Most articles about AI in production focus on the model: how accurate is it, does it hallucinate, which benchmark does it top. None of that is the operational question.

The real question: how is the system around the agent engineered? What happens if it fires an extra request? Who decides before the agent takes an action with consequences you can't undo?

I built an automation system of 13 cron jobs. Seven run with an approval gate, five are fully autonomous, one is manual-only. The difference isn't task complexity — it's whether the consequences are reversible.

Three patterns came out of that build. I won't skip any of them for any AI agent touching production.

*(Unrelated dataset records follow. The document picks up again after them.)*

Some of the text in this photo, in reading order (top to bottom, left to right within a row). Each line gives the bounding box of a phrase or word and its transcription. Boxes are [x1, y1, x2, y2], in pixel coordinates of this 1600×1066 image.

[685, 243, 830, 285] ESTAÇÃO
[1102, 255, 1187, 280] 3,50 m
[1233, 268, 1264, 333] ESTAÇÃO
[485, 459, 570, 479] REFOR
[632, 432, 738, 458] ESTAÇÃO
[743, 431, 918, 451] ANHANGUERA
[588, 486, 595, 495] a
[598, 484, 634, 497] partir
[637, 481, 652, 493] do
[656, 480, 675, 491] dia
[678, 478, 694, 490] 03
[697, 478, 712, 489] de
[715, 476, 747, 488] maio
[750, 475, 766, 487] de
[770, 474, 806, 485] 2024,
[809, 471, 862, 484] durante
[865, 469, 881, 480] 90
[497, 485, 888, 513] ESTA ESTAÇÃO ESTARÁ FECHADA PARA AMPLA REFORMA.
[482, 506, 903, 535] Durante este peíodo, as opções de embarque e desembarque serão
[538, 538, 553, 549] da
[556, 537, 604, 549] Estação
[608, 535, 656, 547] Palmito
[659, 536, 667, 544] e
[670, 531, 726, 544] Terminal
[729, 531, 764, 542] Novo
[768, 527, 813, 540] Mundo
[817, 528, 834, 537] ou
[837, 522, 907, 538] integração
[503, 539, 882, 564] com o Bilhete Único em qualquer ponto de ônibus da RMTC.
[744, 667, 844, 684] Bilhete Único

Pattern 1: Stateful drafts — agent proposes, you decide

The agent never commits directly. It writes a draft to an Inbox folder, sets status: draft in frontmatter, and stops. You review. If it looks right, you move it to Queue, then Published. Each step is atomic.

This sounds like overhead. In practice, it's what makes overnight automation feel safe. The agent works while you sleep. In the morning you check the Inbox — you're reviewing, not guessing.

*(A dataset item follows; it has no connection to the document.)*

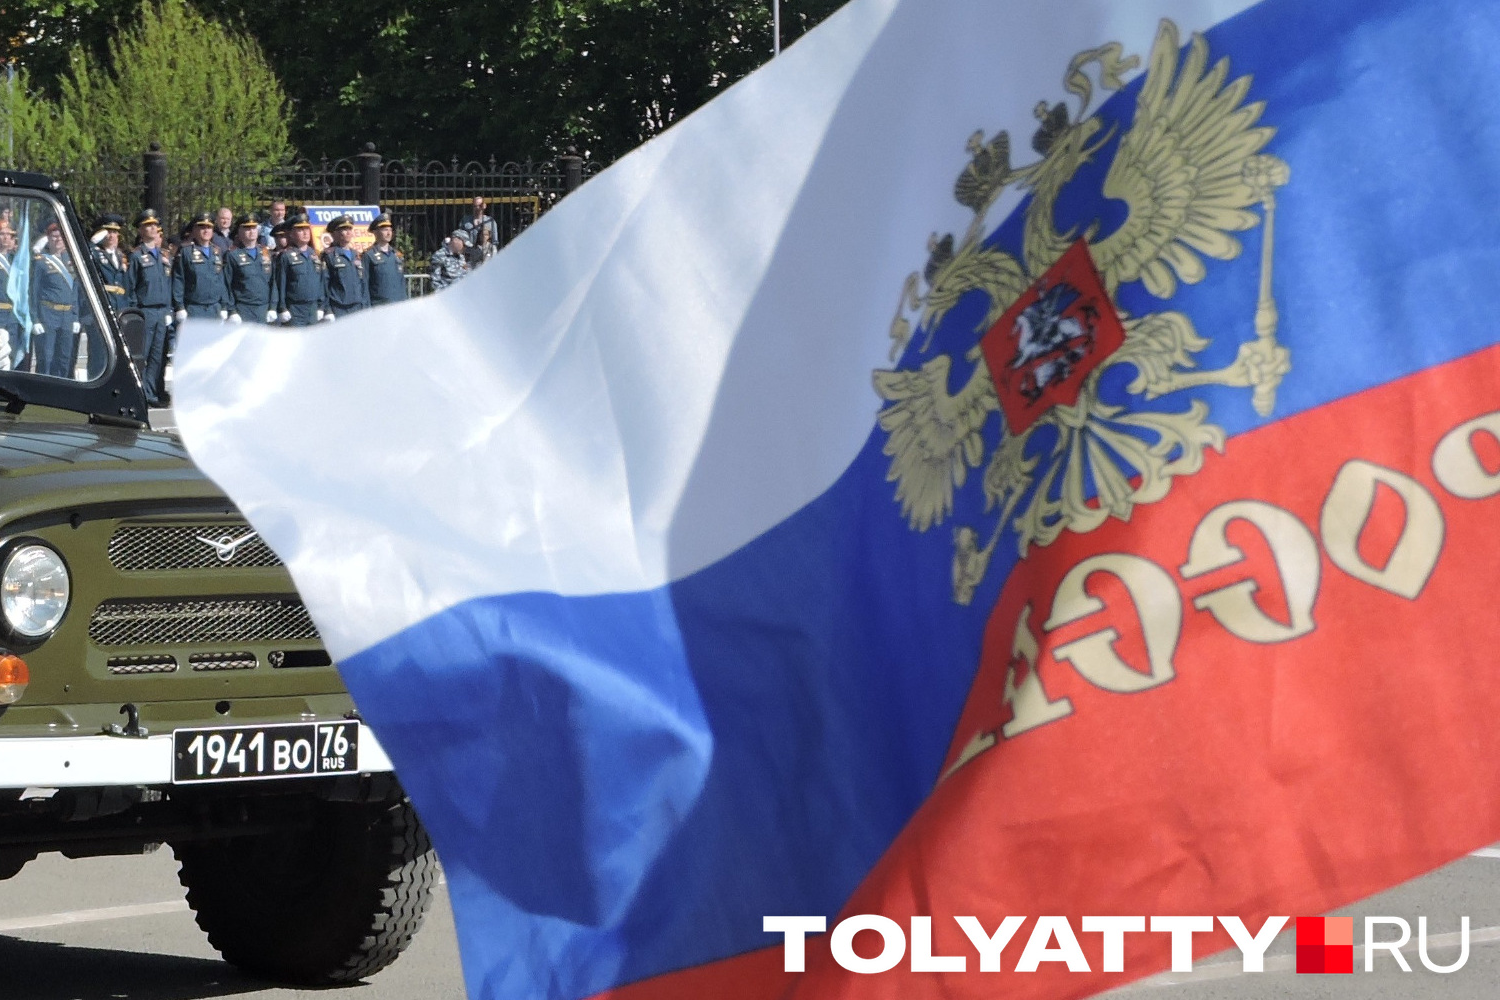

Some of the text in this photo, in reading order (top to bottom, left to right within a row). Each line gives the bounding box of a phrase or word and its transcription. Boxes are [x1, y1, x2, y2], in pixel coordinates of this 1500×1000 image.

There's a less obvious benefit: the frontmatter status is a contract for the next run. Without explicit state, the agent reruns the same task on every tick. One field in a file prevents that.

Stateful drafts create a deliberate gap between "propose" and "commit." That gap is where meaningful oversight actually happens.

More on what to delegate to AI vs. what to keep — I let Claude write tests. I don't let it choose architecture.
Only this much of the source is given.